Multi-Group Comparisons

Post-Hoc Tests: Tukey, Dunnett, and Games-Howell Decision Tree

How to choose the right post-hoc test after ANOVA. Covers Tukey's HSD, Dunnett's test, Games-Howell, Scheffé, and provides a clear decision tree for selection.

Jan 267 min readstatstest_flow Multi-Group Comparisons Supporting

Post-Hoc Tests: Tukey, Dunnett, and Games-Howell Decision Tree

Quick Hits

•Tukey's HSD is the default for all pairwise comparisons with equal variances
•Dunnett's is more powerful when you only care about comparisons to control
•Games-Howell handles unequal variances and unequal sample sizes
•Scheffé controls for ANY comparison, including complex contrasts—very conservative

TL;DR

After a significant ANOVA, post-hoc tests identify which groups differ. Tukey's HSD handles all pairwise comparisons when variances are equal. Dunnett's is more powerful when comparing treatments to a single control. Games-Howell handles unequal variances. Scheffé allows any comparison but is conservative. Choose based on your specific question and data characteristics.

The Decision Tree

Significant ANOVA → Which comparisons do you need?
│
├── Only comparing to control
│   └── Use DUNNETT'S TEST
│
├── All pairwise comparisons
│   │
│   ├── Equal variances?
│   │   ├── Yes → TUKEY'S HSD
│   │   └── No → GAMES-HOWELL
│   │
│   └── Very unequal sample sizes?
│       └── GAMES-HOWELL (safer)
│
├── Complex contrasts (not just pairs)
│   └── SCHEFFÉ
│
└── Pre-planned specific comparisons
    └── BONFERRONI or HOLM (on t-tests)

Tukey's HSD (Honestly Significant Difference)

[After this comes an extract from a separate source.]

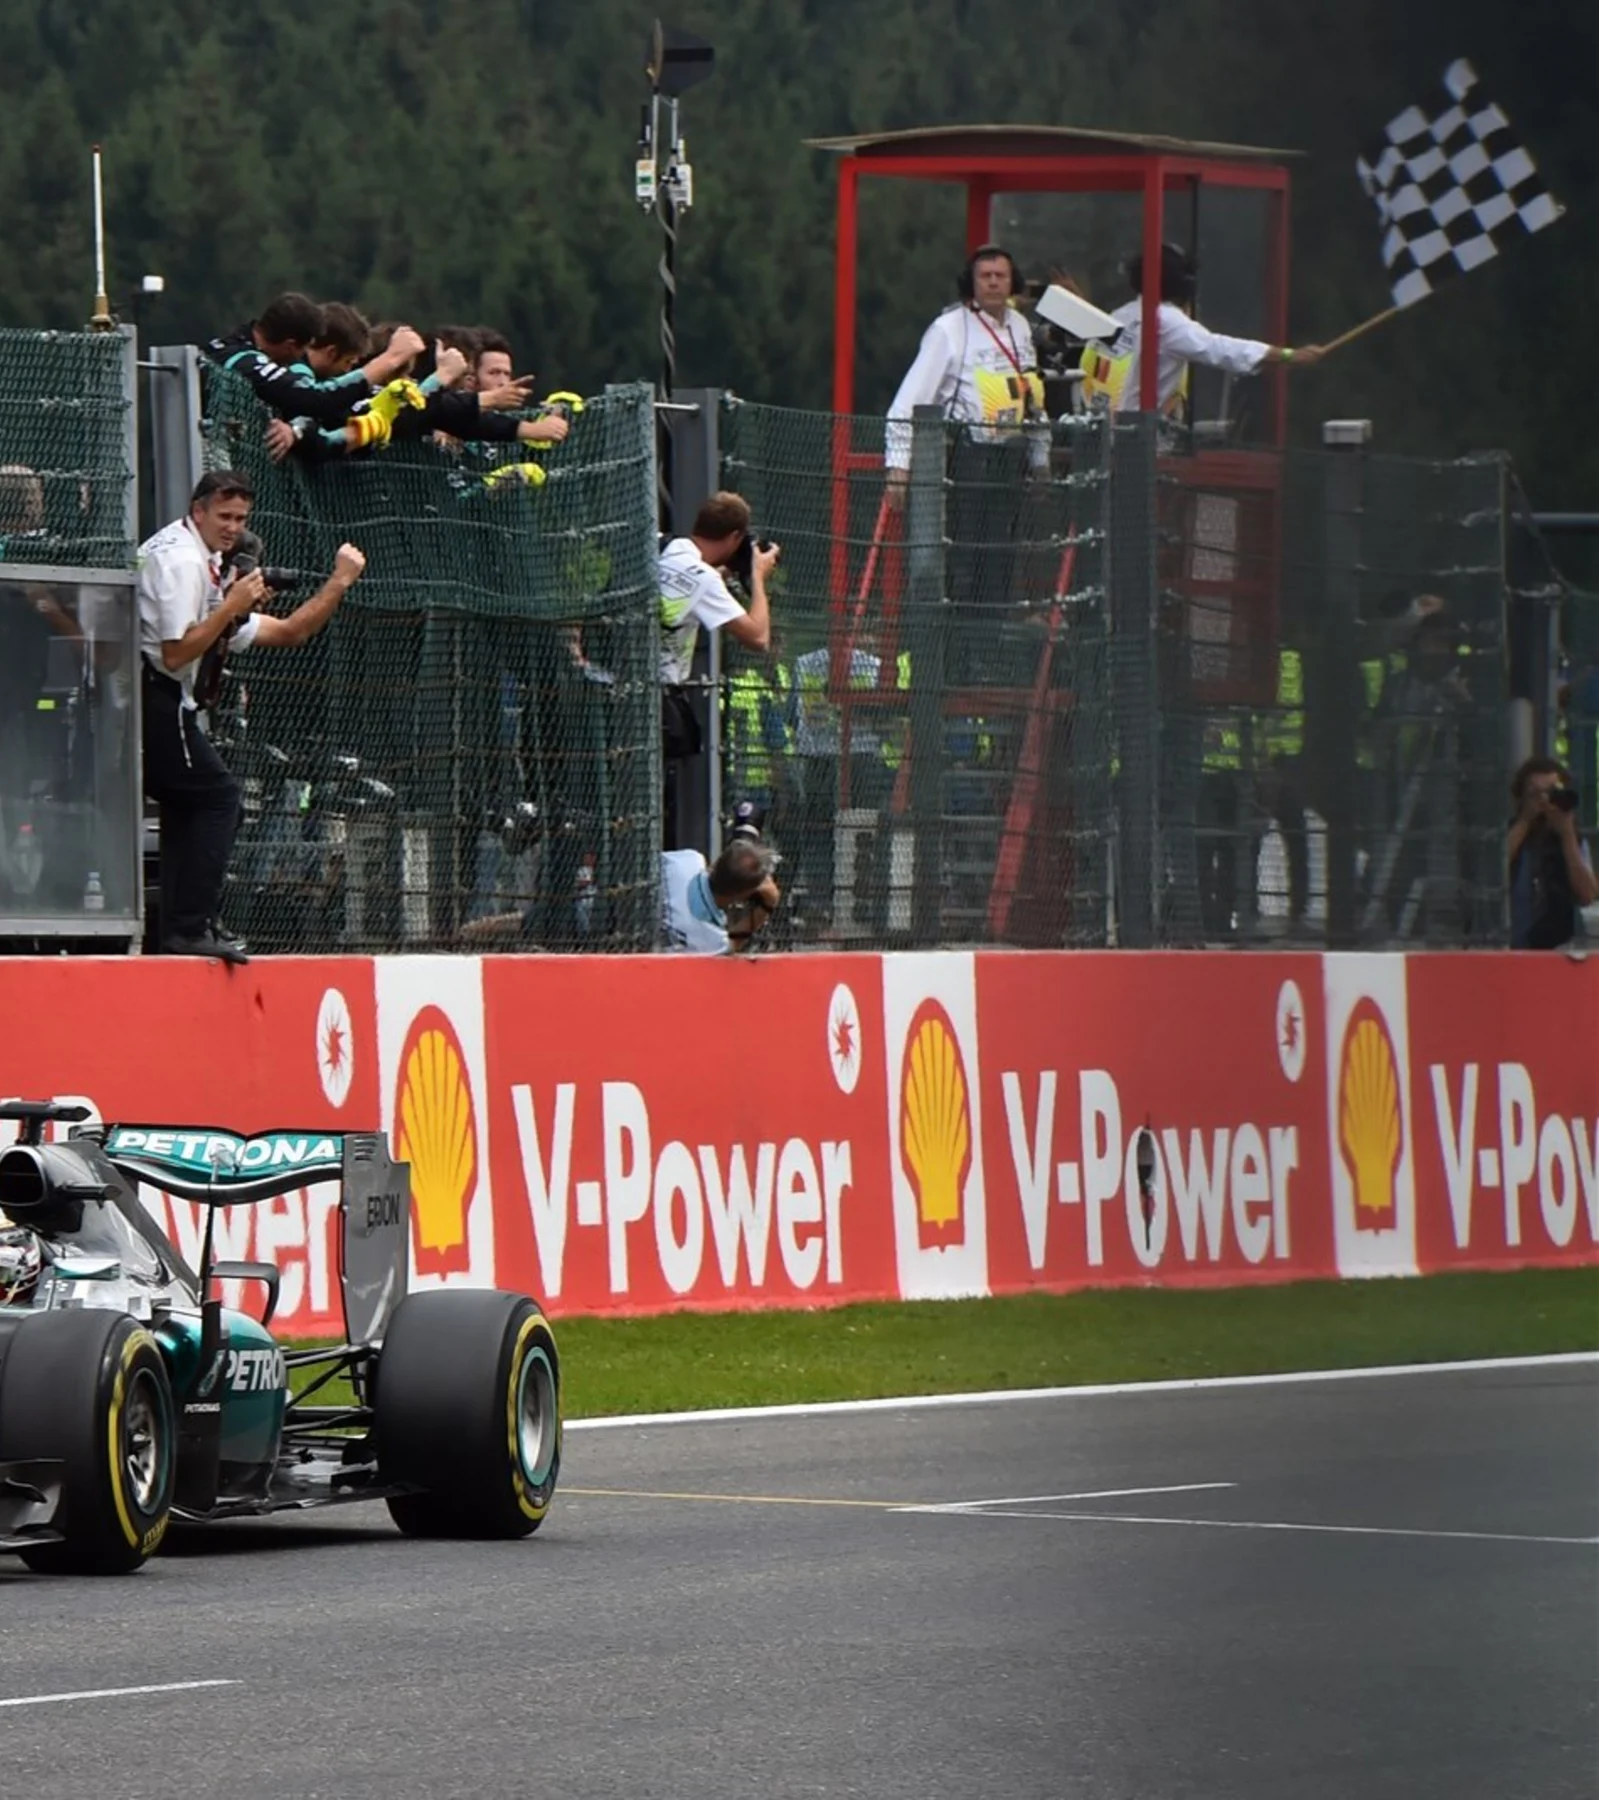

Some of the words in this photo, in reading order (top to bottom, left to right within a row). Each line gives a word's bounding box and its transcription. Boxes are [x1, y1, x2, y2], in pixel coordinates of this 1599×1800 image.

[114, 1131, 342, 1167] PETRONA
[511, 1080, 853, 1299] V-Power
[1001, 1069, 1298, 1270] V-Power
[225, 1348, 286, 1391] PETRO

The standard choice for all pairwise comparisons with equal variances.

How It Works

Compares each pair of means using a studentized range distribution, controlling the family-wise error rate across all comparisons.

Python Implementation

from statsmodels.stats.multicomp import pairwise_tukeyhsd
import numpy as np
import pandas as pd

def tukey_hsd(groups, group_names=None, alpha=0.05):
    """
    Tukey's HSD for all pairwise comparisons.
    """
    if group_names is None:
        group_names = [f'Group{i+1}' for i in range(len(groups))]

    all_data = np.concatenate(groups)
    labels = np.repeat(group_names, [len(g) for g in groups])

    result = pairwise_tukeyhsd(all_data, labels, alpha=alpha)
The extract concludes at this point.